A atual polarização política e social no Brasil revisitou um tema doloroso, nunca adormecido e sempre pertinente: a luta contra o racismo. Usando a cultura como ponto de discussão e propondo um diálogo antirracista, o seminário “Quero, Quero Culturas Negras” apresenta performances e palestras de artistas e pensadores negros da área acadêmica e cultural.
O evento acontece virtualmente, com transmissões de quarta (24) a sexta (26), pelo canal do YouTube de Tunico da Vila (veja a programação abaixo).
Entre os convidados, Martinho da Vila e Cláudia Sales, psicóloga especialista em população negra. Haverá, também, intervenções artísticas com Tunico da Vila e da rapper capixaba Afari, além de participações do pesquisador cultural Rômulo Corrêa, da escritora e mestra em Culturas Déborah Sathler e da matriarca do congo Celeuza Sales.

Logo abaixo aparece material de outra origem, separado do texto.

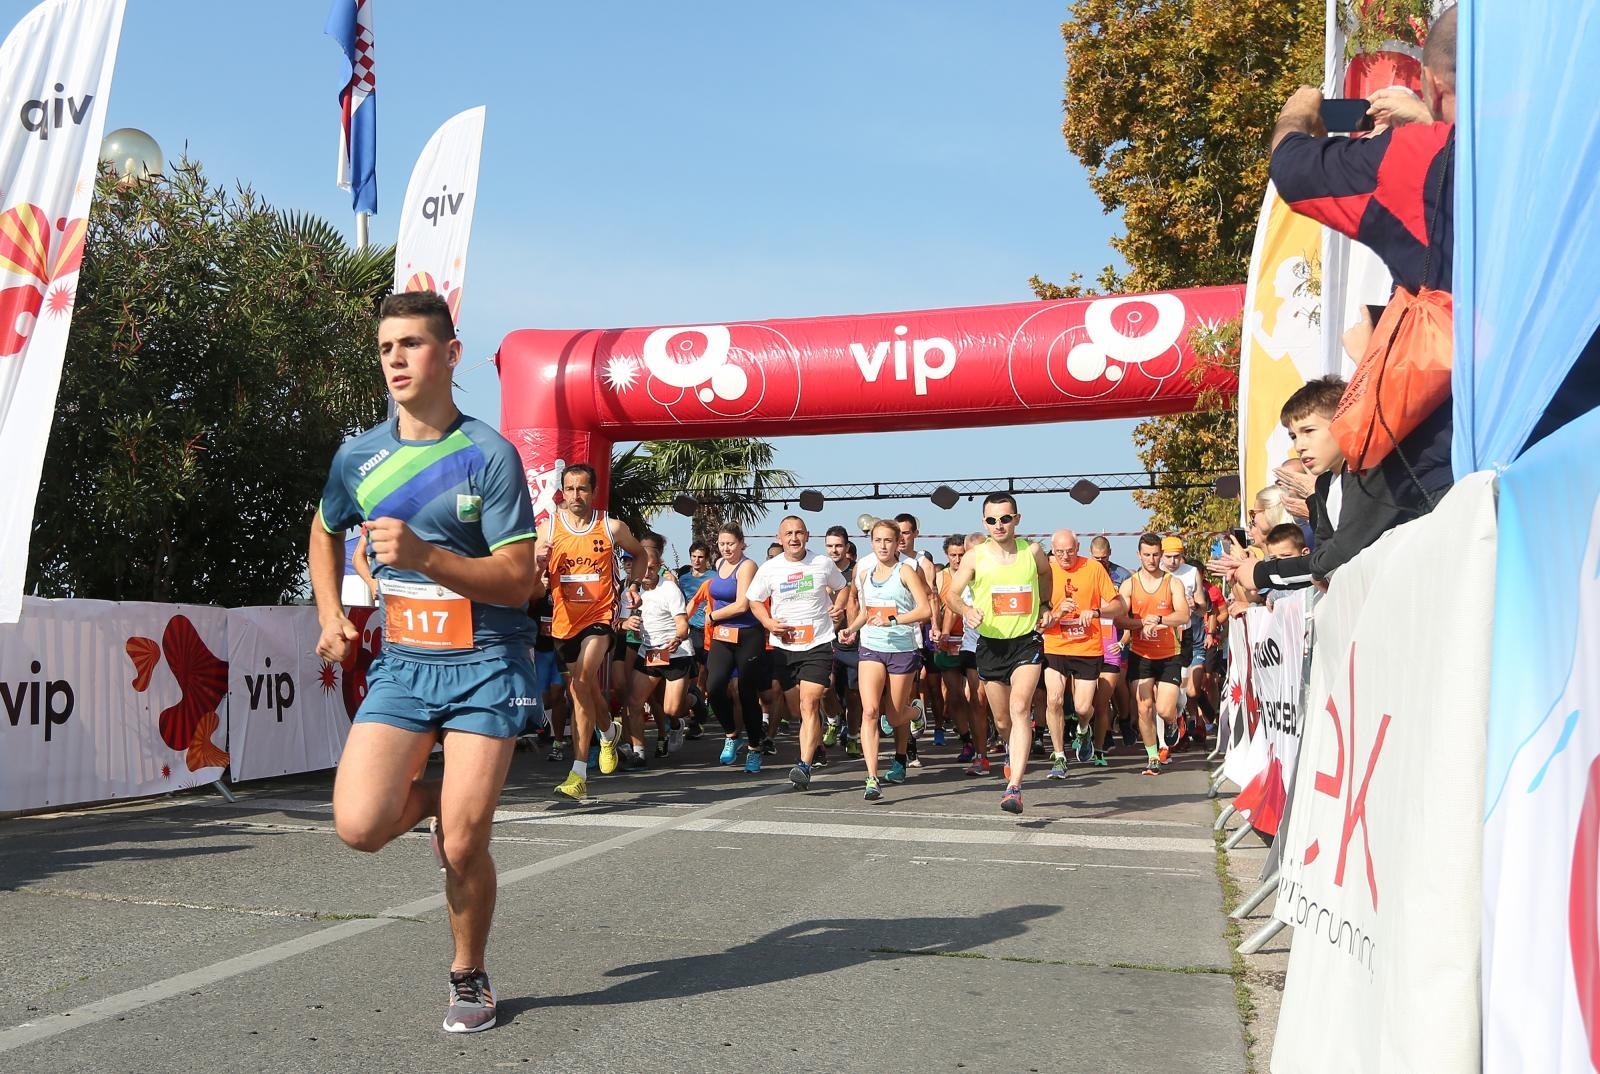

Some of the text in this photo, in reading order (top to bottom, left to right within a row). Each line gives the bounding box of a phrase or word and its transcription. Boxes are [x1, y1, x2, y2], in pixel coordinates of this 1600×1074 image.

[850, 325, 957, 396] vip
[576, 586, 585, 597] 4
[1009, 597, 1018, 609] 3
[402, 608, 449, 634] 117
[1067, 627, 1085, 636] 133
[0, 660, 75, 742] vip
[244, 656, 295, 723] vip

O seminário presta uma homenagem ao clássico “Quero, Quero” (1977), lançado na época da ditadura militar por Martinho da Vila e que ganhou releitura de Tunico (filho do sambista da "Terra de Noel Rosa") em seu novo álbum “Fases da Vida”.

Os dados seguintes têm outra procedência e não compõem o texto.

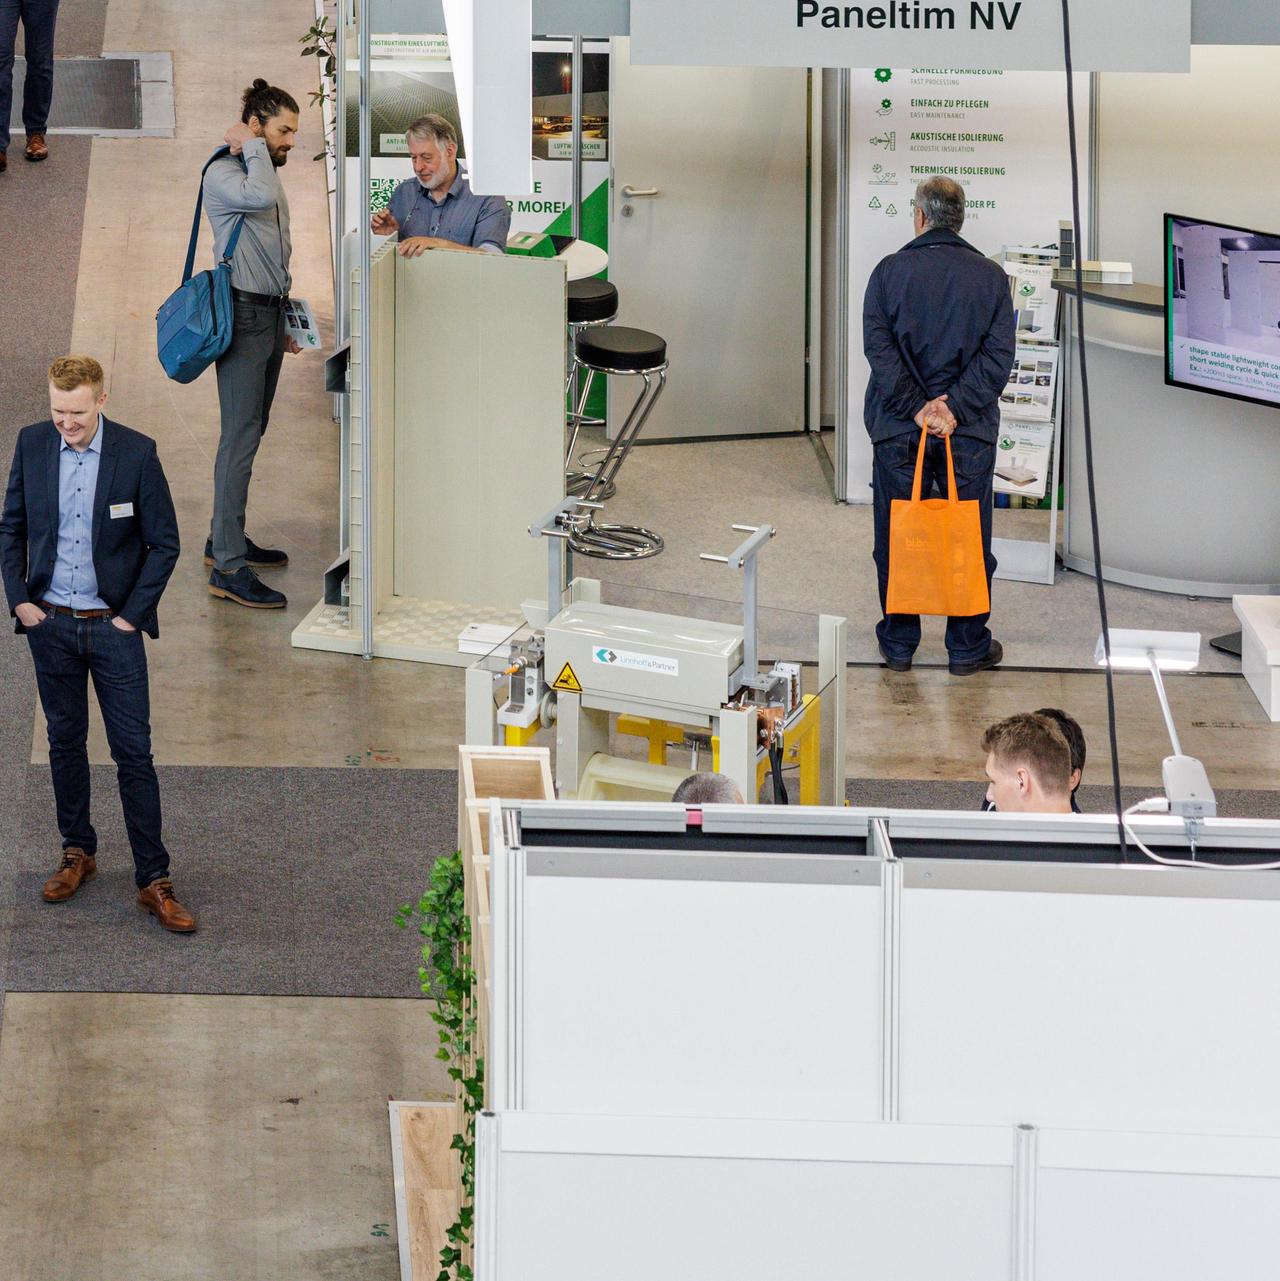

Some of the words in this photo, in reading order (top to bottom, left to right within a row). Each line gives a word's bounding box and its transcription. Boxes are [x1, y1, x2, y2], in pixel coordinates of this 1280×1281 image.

A releitura contou com participações do grupo de rap capixaba Melanina Mcs, de Rappin´ Hood, Rashid, Kamau, Dexter, BK e do próprio Martinho da Vila. A nova versão chegou a ganhar um videoclipe gravado em Vitória.
"Assim como o projeto musical 'Quero, Quero' foi um desabafo coletivo de duas culturas negras irmãs musicais. A iniciativa de artes integradas possui o propósito de circular conhecimentos, saberes e fazeres culturais no ambiente on-line durante a pandemia", defende Tunico da Vila, afirmando, ainda, que o encontro virtual é um intercâmbio cultural de ideias entre artistas das culturas negras do samba, do rap, do congo, pensadores, pesquisadores e acadêmicos. "O seminário visa contribuir, de forma qualificada, com o debate antirracismo".
Também participante do evento, Cláudia Sales faz uma análise sobre a importância do movimento nos dias atuais. "Esse debate acontece num momento fundamental na sociedade. É muito importante estarmos presentes na luta antirracista, uma violência que adoece, gera sofrimento e mata. Como profissional de saúde mental, vamos debater o impacto que a pandemia causa nos profissionais negros da arte, incluindo os LGBTQIA+”, afirma.
O Brasil vive um momento de ruptura política e social, em que situações explícitas de racismo aparecem a todo momento. Como exemplo, temos a morte de João Alberto em um hipermercado em Porto Alegre (RS), no final de 2020. O seminário virtual “Quero, Quero Culturas Negras”, portanto, chega em um momento ideal. Afinal, nada como a arte para "quebrar" preconceitos e segregações.
"Essa ruptura política e social na verdade não é de hoje, ela vem desde o primeiro negro escravizado que pisou em solo brasileiro", acredita Tunico da Vila.
"Se você parar para pensar, temos pouquíssimo tempo de Abolição da Escravatura e, desde aqueles tempos, nós negros moramos em lugares afastados e, se possível, dentro das favelas, sem educação, saneamento básico, saúde e sendo discriminados na nossa cultura religiosa. Fomos catequizados e jogados às margens. Com o tempo, começamos a mudar esse cenário e falta muito, infelizmente, para termos uma sociedade igualitária. Acredito que meus trinetos continuarão mudando e transformando nosso mundo e o pensamento colonizador que o racismo nos trouxe. A cultura educa, traz informações e um debate racial qualificado".
O sambista, que mora em terras capixabas, defende a participação de Martinho da Vila no encontro, um artista consagrado e que precisou vencer os tempos sombrios da ditadura militar no Brasil para impor a sua arte.
"Ele fez o movimento negro acontecer em sua geração e nos impulsiona a realizar e dialogar. Martinho compõe e escreve sobre o cotidiano de seu povo, pensa, reflete e faz refletir em seus livros. 'Kizomba', por exemplo, foi o primeiro encontro internacional de arte negra. A participação dele em nosso seminário é importantíssima, como um pensador de arte negra que topa dialogar com os mais jovens", complementa.